== WORK ITEM ==
Repeat each record below exactly, omitting whatever pictures appear in it.

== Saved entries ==
= Beginning of Section =
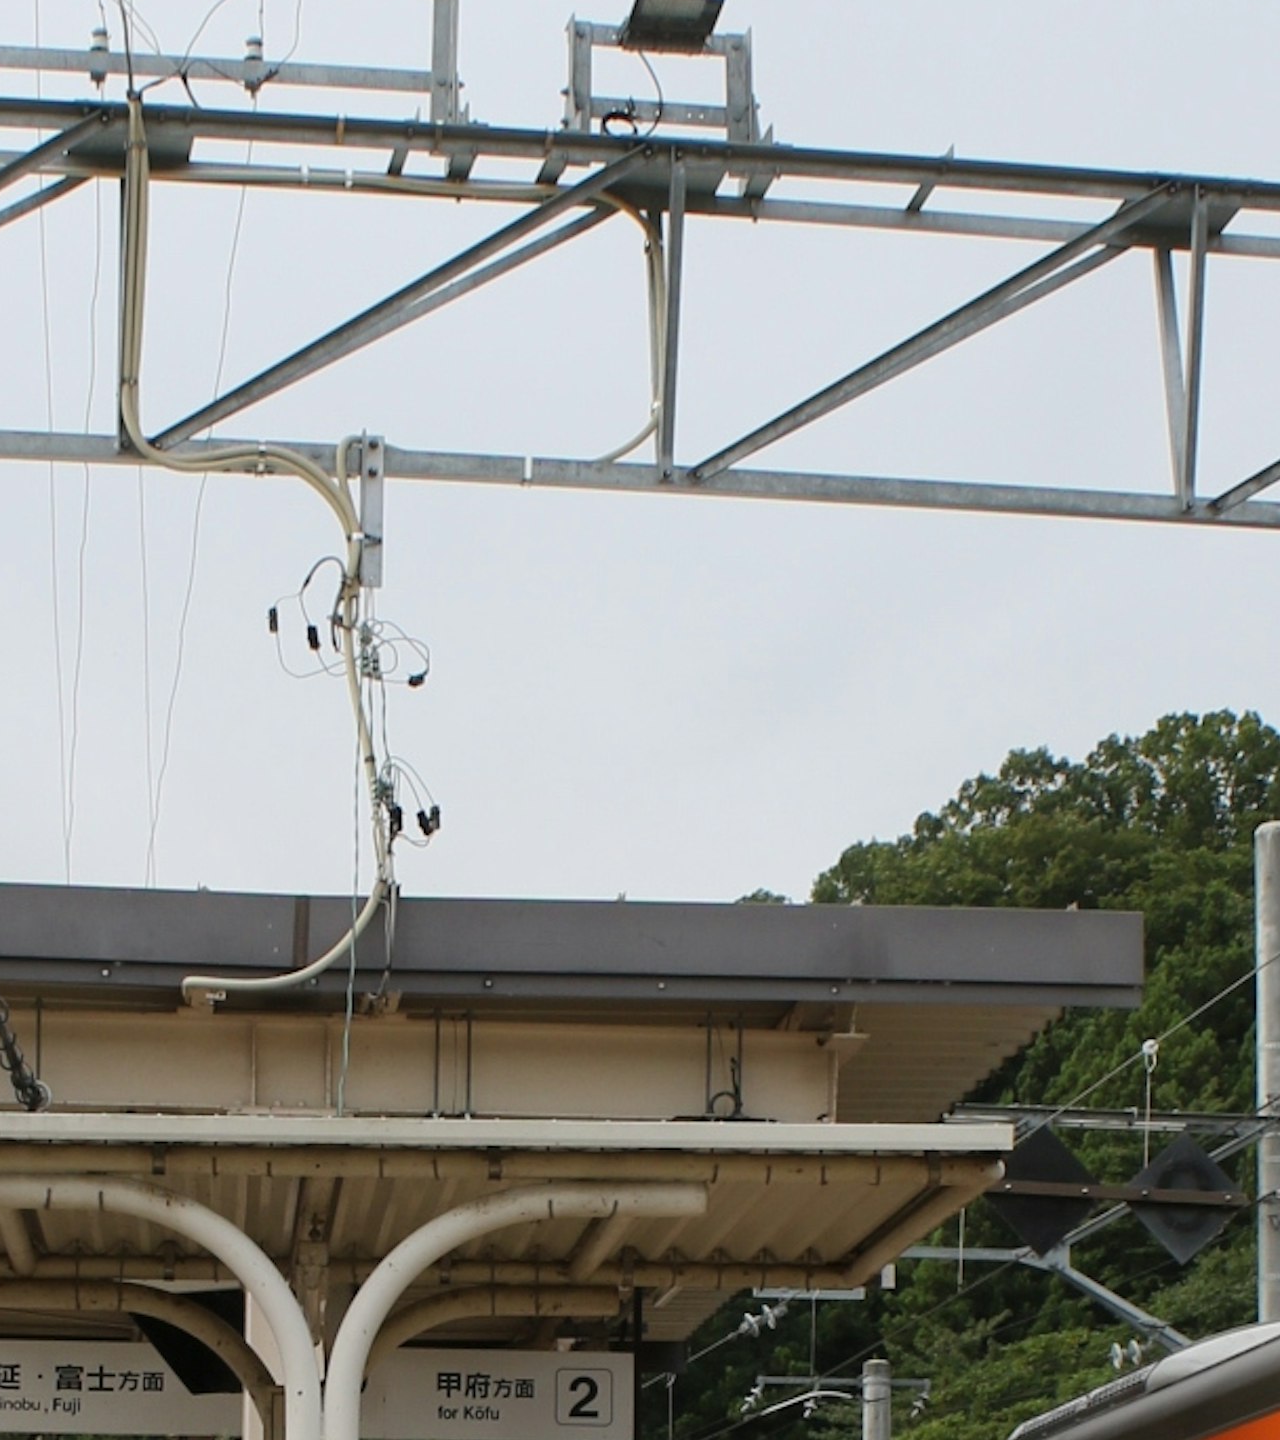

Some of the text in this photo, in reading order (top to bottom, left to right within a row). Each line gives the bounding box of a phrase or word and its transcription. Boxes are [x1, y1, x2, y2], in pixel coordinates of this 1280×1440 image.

[437, 1372, 535, 1399] 甲府方面
[568, 1376, 599, 1418] 2
[52, 1397, 81, 1416] Fuji
[438, 1405, 500, 1420] for Kōfu
= End of Section =
== TASK RESULT ==
Some of the text in this photo, in reading order (top to bottom, left to right within a row). Each line gives the bounding box of a phrase or word and its transcription. Boxes are [x1, y1, x2, y2], in pixel coordinates of this 1280×1440 image.

[437, 1372, 535, 1399] 甲府方面
[568, 1376, 599, 1418] 2
[52, 1397, 81, 1416] Fuji
[438, 1405, 500, 1420] for Kōfu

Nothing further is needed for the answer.